Faire la corvée rémunératrice que je lui propose ne lui donnerait qu’un peu de monnaie, un bien matériel ; mais la refuser, c’est-à-dire refuser la seule chose qu’il puisse refuser, cela lui donne l’illusion de la liberté, le pauvre, et il peut la payer cher car c’est une belle fête morale !


7 mars.

La tristesse du paysage n’a fait que s’aggraver depuis que nous avons quitté Bissandougou. De Faranfi à Kérouané, le sol est calciné par les feux de brousse. Les écorces, les arbustes sont carbonisés, sinon les arbres, et il semble que de la cendre s’est envolée pour couvrir toute la verdure déjà pâlie, tout le paysage jusqu’à l’horizon et aussi le ciel qui se plombe.

Aucune couleur nulle part, ni aucune forme ; la clarté, après le feu, dévore tout ; le blanc même, le blanc des boubous de mes porteurs, s’enterre dans la lumière comme dans une espèce de nuit métallique.

Kérouané. — C’est une place forte indigène qui fut le quartier général de Samory, le conquérant noir. Ses remparts d’argile, épais et géométriques couronnent une courte colline trapue, dressée en pain de sucre sur la dépression environnante qui s’accroît vers le nord, se relève au sud.

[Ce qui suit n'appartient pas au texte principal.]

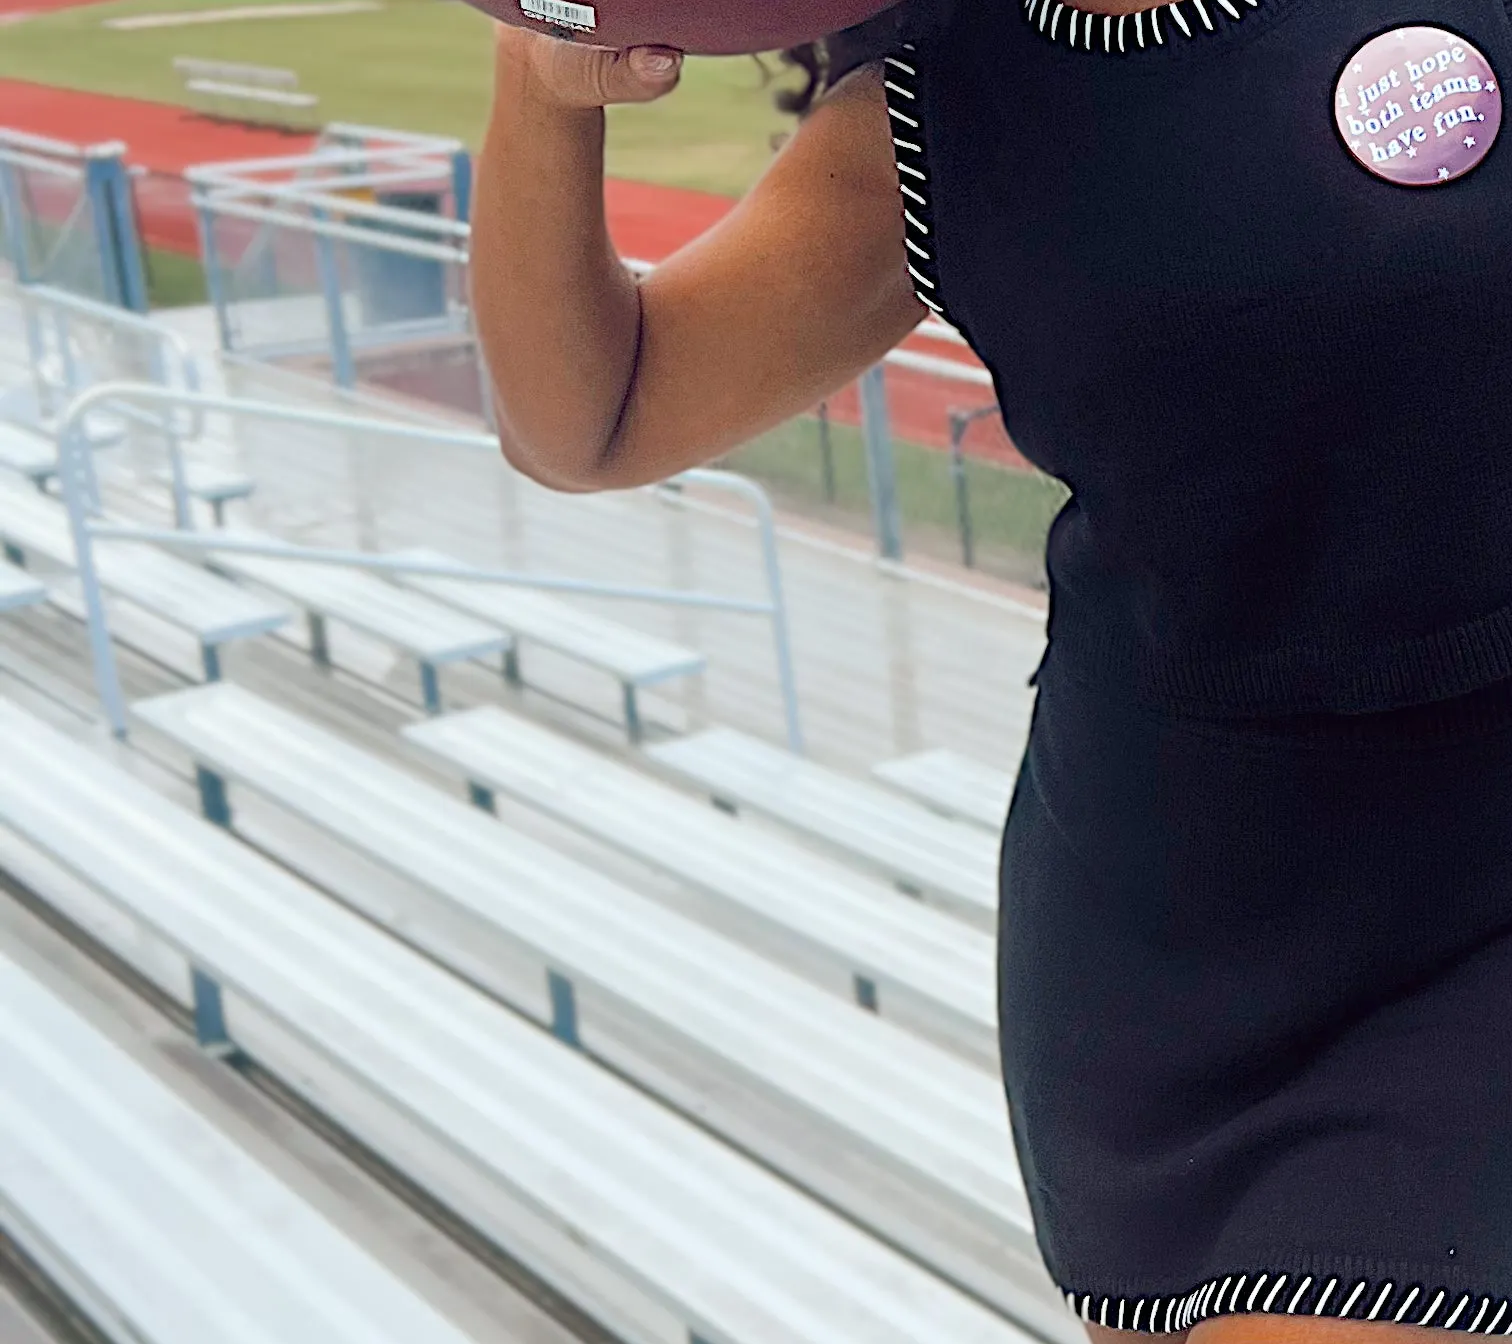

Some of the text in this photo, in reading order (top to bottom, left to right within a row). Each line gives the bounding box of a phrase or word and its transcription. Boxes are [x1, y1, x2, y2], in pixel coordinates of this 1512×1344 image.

[1346, 74, 1482, 135] both teams
[1358, 69, 1401, 110] just
[1405, 46, 1467, 82] hope
[1369, 105, 1485, 162] have fun.
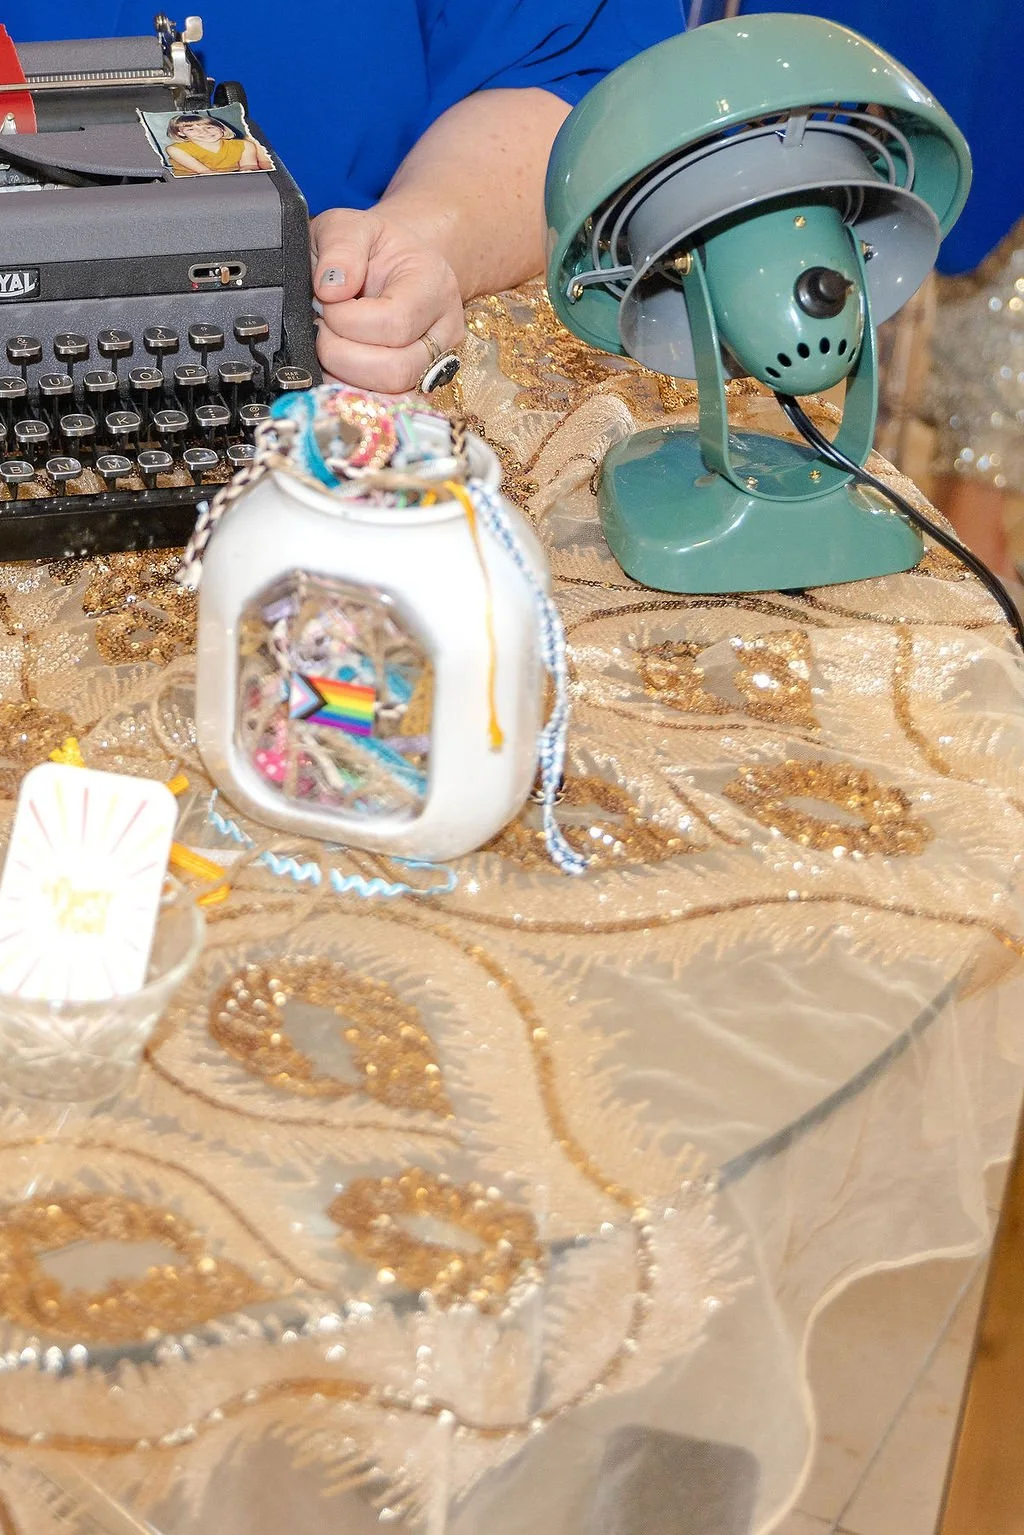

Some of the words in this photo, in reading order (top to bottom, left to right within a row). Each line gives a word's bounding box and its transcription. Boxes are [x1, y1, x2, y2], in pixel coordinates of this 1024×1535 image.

[139, 372, 152, 380] O
[185, 369, 196, 377] P
[3, 381, 14, 389] Y
[48, 377, 61, 386] U
[73, 419, 83, 427] J
[117, 416, 129, 425] K
[164, 416, 178, 424] L
[25, 425, 38, 434] H
[57, 463, 70, 471] N
[106, 460, 121, 469] M
[10, 466, 23, 474] B
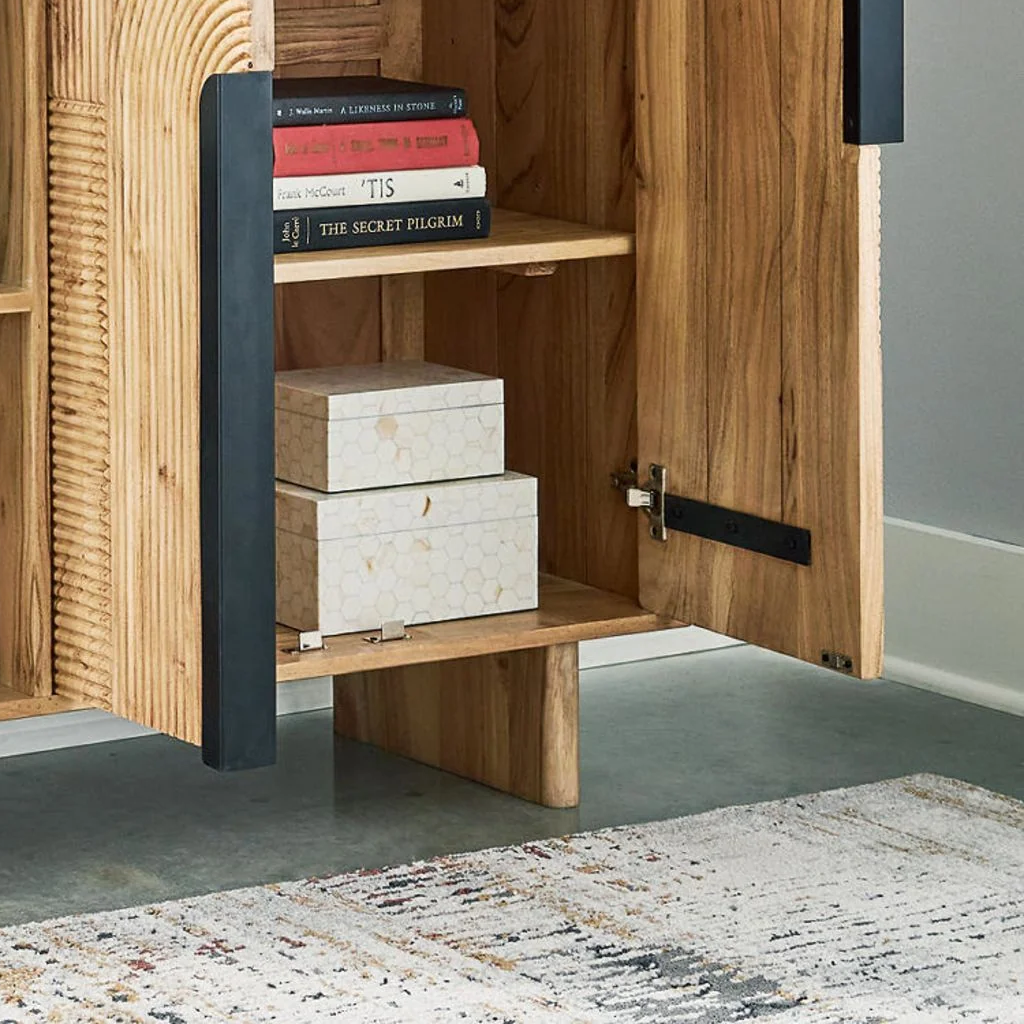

De la porte du village, la vue est illimitée, mais c’est sans profit. La morne verdure que l’on y découvre jusqu’au bord du ciel, semble aussi inhabitable aux hommes et aux yeux qu’une couche de badigeon gris sur une cimaise. C’est le seul lieu depuis mon arrivée où je me sente dépaysée et seule, dépaysée dans le décor et dans le temps.

Le règne absolu de cette butte sur toute une plaine, de cette argile anguleuse et rouge sur un infini de brousse éteinte et moutonnante, c’est une expression médiévale de férocité majestueuse et sinistre. Pour vivre à son aise là, il faut être le monstre que fut Samory l’insatiable.